Following Maltzan’s successes with the Hergott/Shepard Residence and MoMA QNS, he has become known as an architect especially sensitive to issues of how to accommodate art, whether in private homes or in public museums. This is, in part, why he appeared an ideal choice for architect of the 2004–5 Carnegie International, on view at Carnegie Museum of Art through March 20. In the International, Maltzan’s work is most evident in the design of the pedestals and cases for the work of Mangelos, Kathy Butterly, and Robert Crumb. Many of his other interventions are necessarily discreet and almost invisible.
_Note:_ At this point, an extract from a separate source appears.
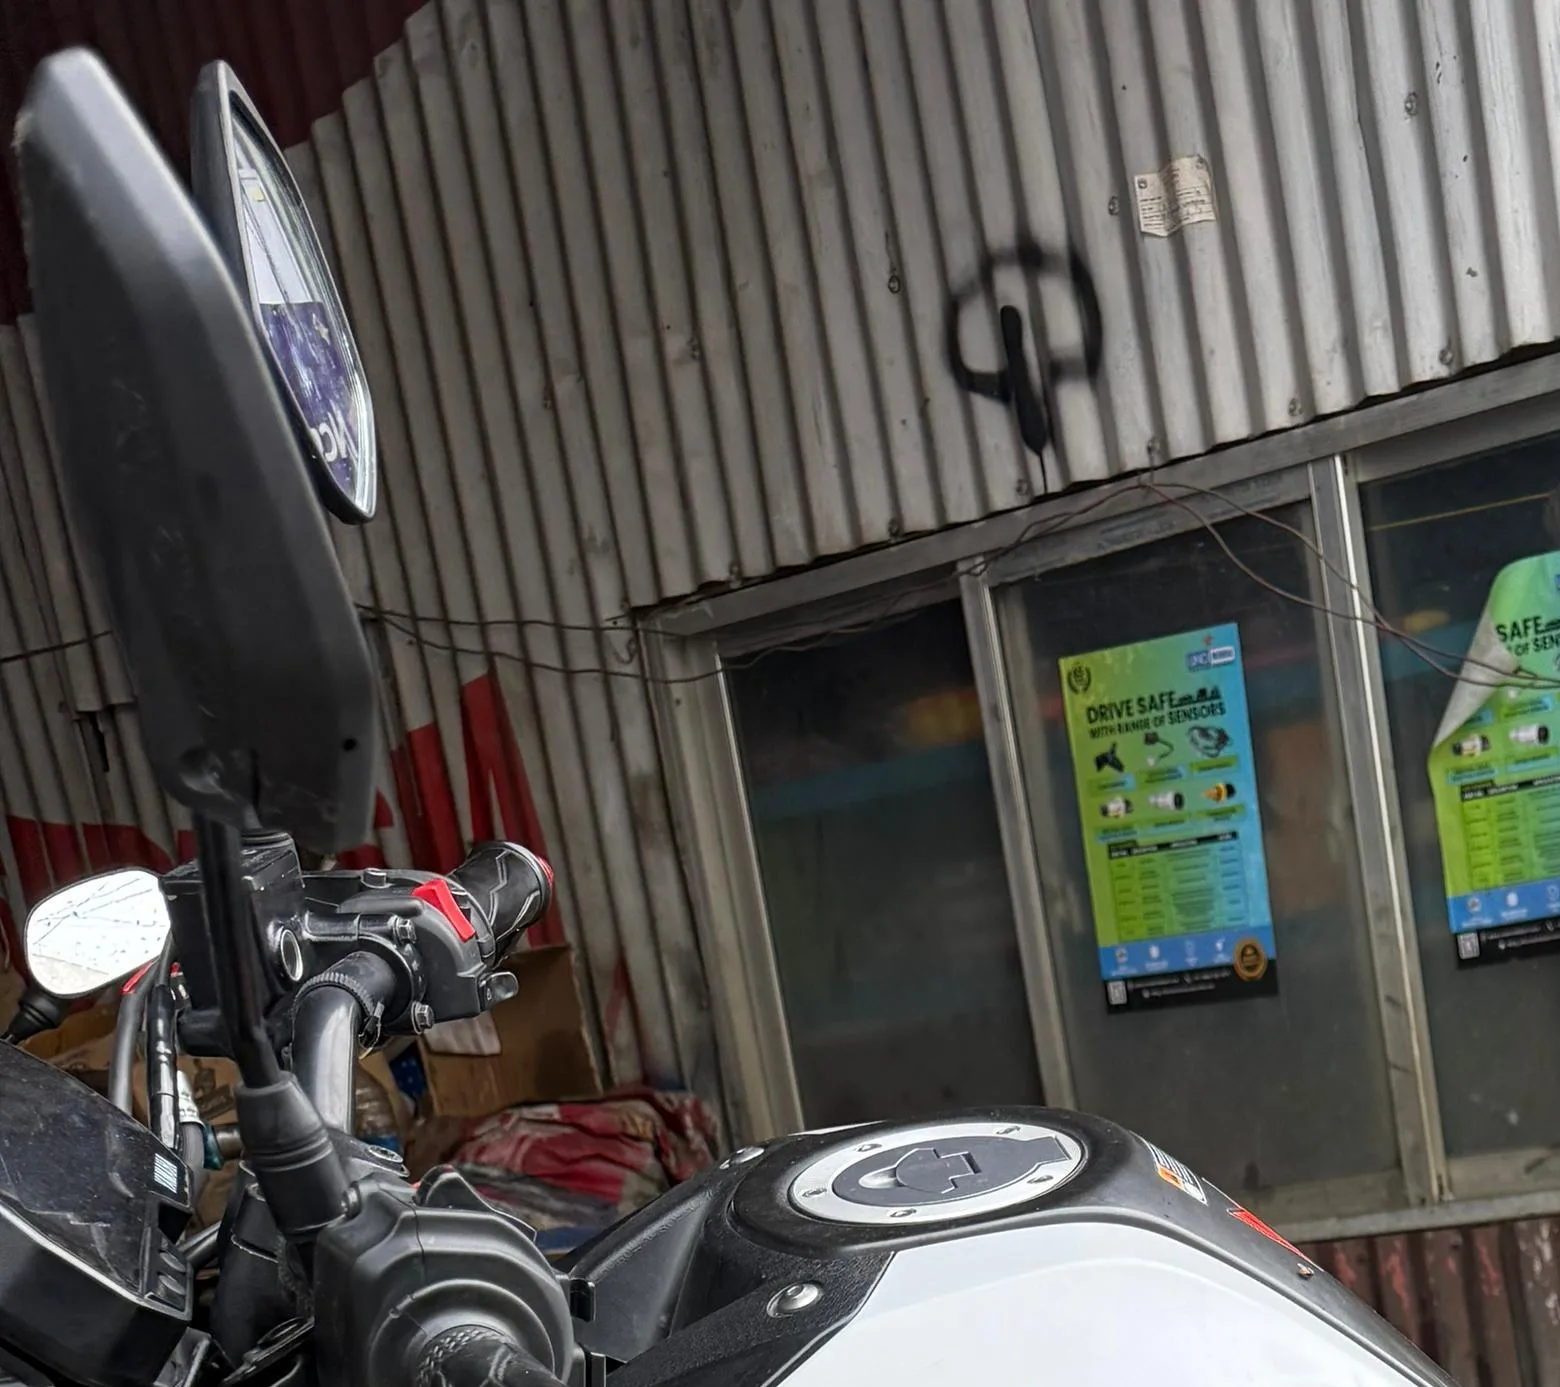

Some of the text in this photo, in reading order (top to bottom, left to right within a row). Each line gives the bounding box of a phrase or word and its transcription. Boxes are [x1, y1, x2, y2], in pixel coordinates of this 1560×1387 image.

[1495, 616, 1542, 642] SAFE
[1086, 690, 1176, 724] DRIVE SAFE
[1167, 702, 1226, 725] SENSORS
The Hergott/Shepard Residence in Beverly Hills, Ca., designed by Michael Maltzan Architecture, was included in The Un-Private House exhibition at New York’s Museum of Modern art in 1999. Photo: Richard Barnes

Maltzan’s affinity with art and the needs of museums has led to commissions for the UCLA Hammer Museum in Westwood, Los Angeles, and radical new structures for the Fresno Metropolitan Museum and the Sonoma County Museum further north in California. In the case of the UCLA Hammer Museum, as the existing building’s problems could not be resolved using orthodox architectural tactics, Maltzan cleverly assembled an interdisciplinary team of graphic, landscape, and lighting designers to direct the renovation.
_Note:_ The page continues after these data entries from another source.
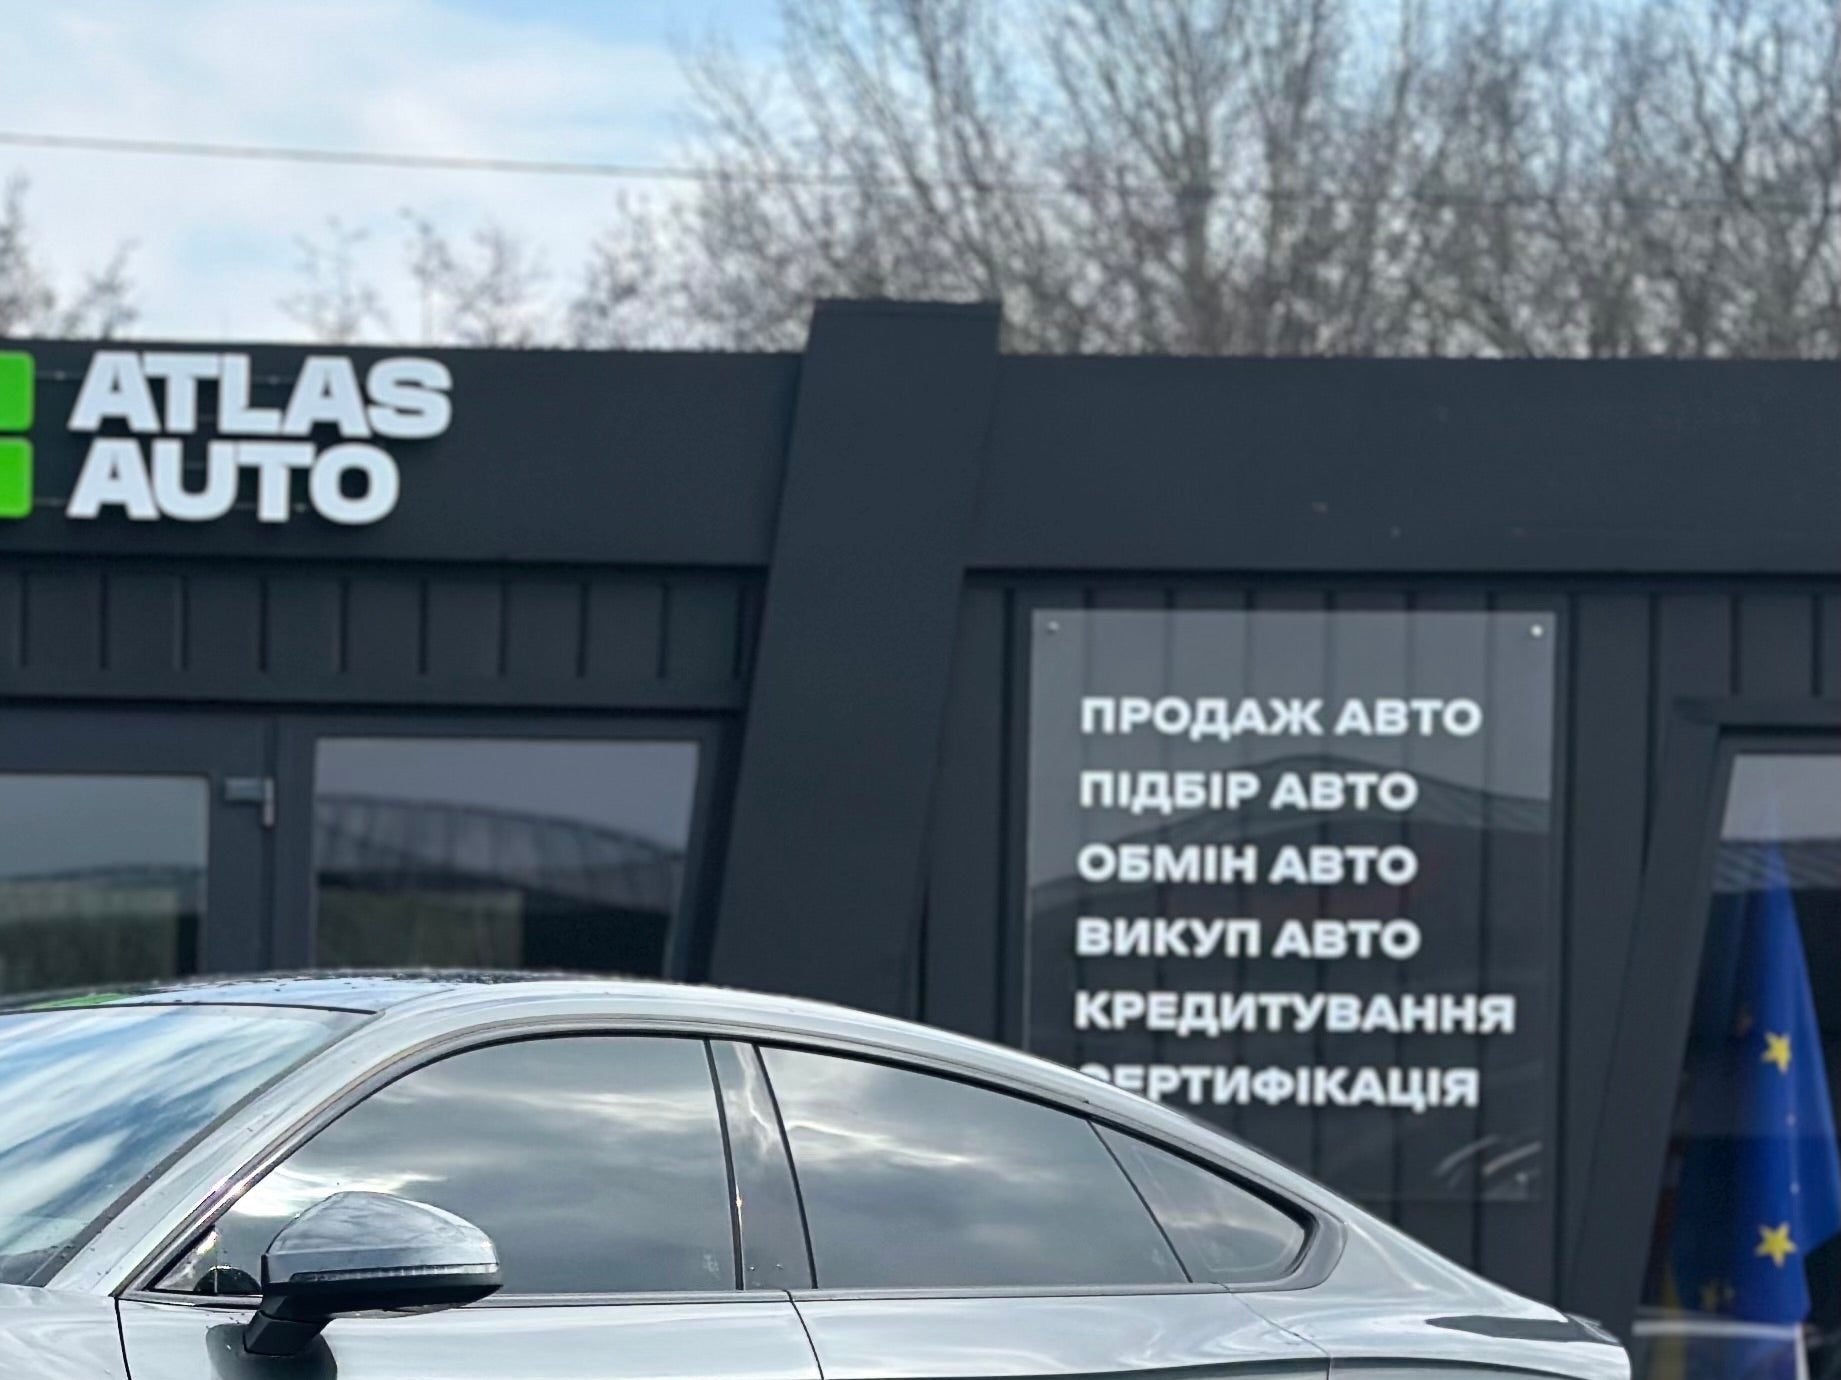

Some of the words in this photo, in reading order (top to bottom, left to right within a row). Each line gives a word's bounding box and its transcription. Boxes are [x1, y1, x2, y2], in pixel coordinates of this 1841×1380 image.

[67, 350, 453, 439] ATLAS
[66, 438, 400, 525] AUTO
[1080, 696, 1322, 742] ПРОДАЖ
[1333, 697, 1483, 736] АВТО
[1079, 770, 1260, 815] ПІДБІР
[1269, 772, 1419, 812] АВТО
[1076, 843, 1258, 884] ОБМІН
[1268, 845, 1419, 885] АВТО
[1075, 917, 1262, 957] ВИКУП
[1271, 919, 1422, 959] АВТО
[1074, 991, 1517, 1037] КРЕДИТУВАННЯ
The title of the Heinz Architectural Center exhibition is Alternate Ground because Maltzan is particularly concerned with the way architecture both digs into and extends above the earth’s surface. An animation in the exhibition consisting of drawings of 12 key projects that dissolve one into the next sets up this idea of “ground.” Both the Fresno and Sonoma projects illustrate this
evolving theme in Maltzan’s work. The new architecture incorporates some existing buildings, making them elements in a complex assemblage without in any way mimicking or replicating them. At the same time, Maltzan’s architecture typically descends and ascends, via exposed stairs or—better yet—ramped, floors to instigate a complex, pleasurable promenade through the new interiors.
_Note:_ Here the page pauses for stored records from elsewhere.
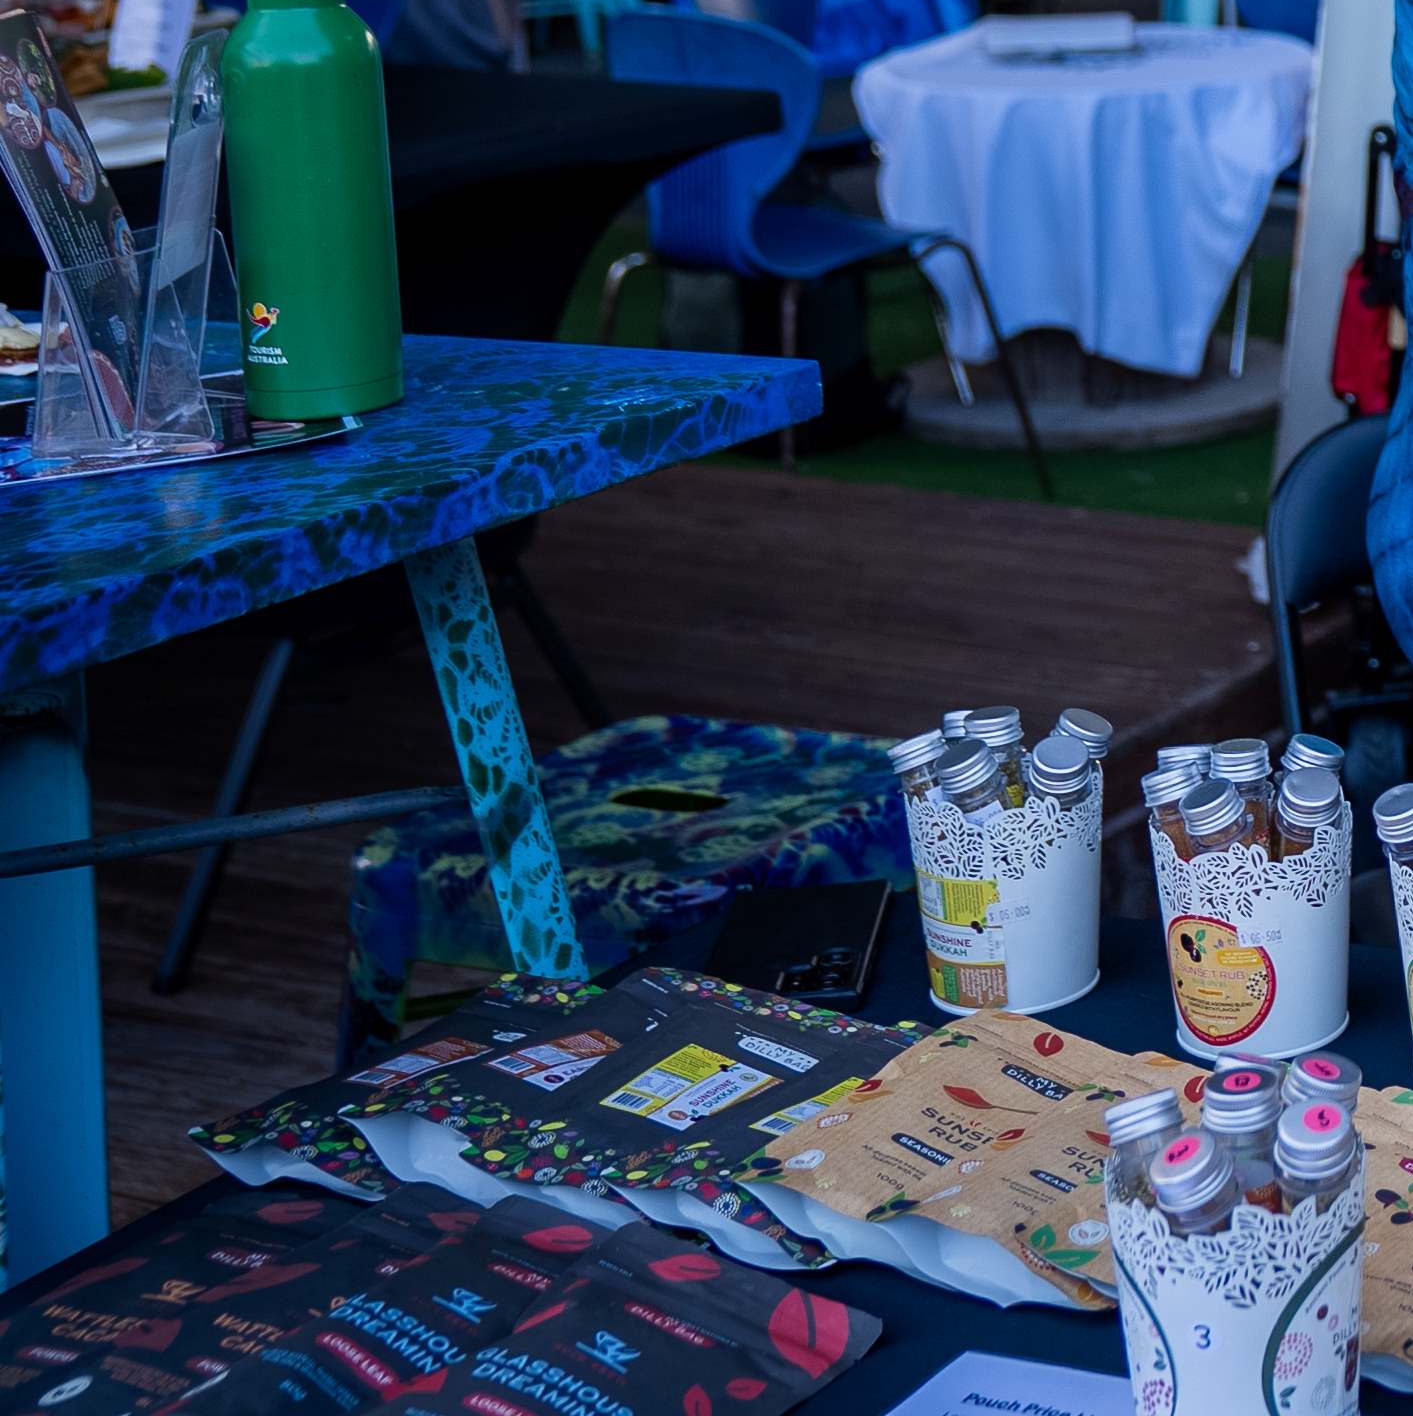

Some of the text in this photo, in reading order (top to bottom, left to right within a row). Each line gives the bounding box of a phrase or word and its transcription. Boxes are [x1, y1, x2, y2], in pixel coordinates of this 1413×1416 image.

[744, 1041, 782, 1061] DILLY
[774, 1046, 796, 1057] MY
[689, 1078, 736, 1107] SUNSHINE
[1006, 1068, 1045, 1093] DILLY
[1035, 1076, 1059, 1089] MY
[704, 1085, 742, 1109] DUKKAH
[928, 1126, 978, 1153] RUB
[328, 1306, 443, 1375] DREAMIN
[1195, 1325, 1210, 1349] 3
[472, 1365, 597, 1416] DREAMIN
[962, 1392, 1021, 1414] Pouch
The Jinhua model is one of many that will be featured in the exhibition.

Some Modernist architects tried similar moves several decades ago. However, Maltzan has absorbed the lessons of recent urban theory (he graduated from Harvard’s Graduate School of Design in 1987) and Postmodernism (he worked for Frank Gehry, LA’s most famous architect, from 1988 to 1995). His work is about the human experience of buildings. One immediately senses this from the open spaces he creates between buildings—especially useful, of course, in sunny California—and in the interiors where visitors tend to be drawn onward by shifting views and the clever manipulation of natural light.

One of the challenges for the Heinz Architectural Center is to present architecture—typically buildings of stone, concrete, and steel, sometimes situated thousands of miles away or no longer in existence—to visitors, many of whom might be unfamiliar with architectural drawings and other modes of presentation. Michael Maltzan: Alternate Ground will alleviate such impediments to enjoyment and understanding of the work, as it is almost entirely an exhibition of models.
A series of almost 200 models documents the processes through which Maltzan and his team of architects studied issues of shape, material, and the adjacency of component parts. Thus, visitors are able to trace the evolution of particular aspects of projects. Collectively these fragments of various projects begin to suggest an urban landscape.

In addition to Maltzan’s key projects in the United States, the exhibition includes three from abroad—in Canada, China, and Milan—proof indeed that Maltzan is an architect succeeding in today’s global arena. A full-color catalogue has been produced for the exhibition. Marking the internationalization of Maltzan’s career, the book includes texts by acclaimed artist Ai Weiwei (Beijing) and writer and urbanist Mirko Zardini (Milan), as well as full accounts of the 16 projects on view.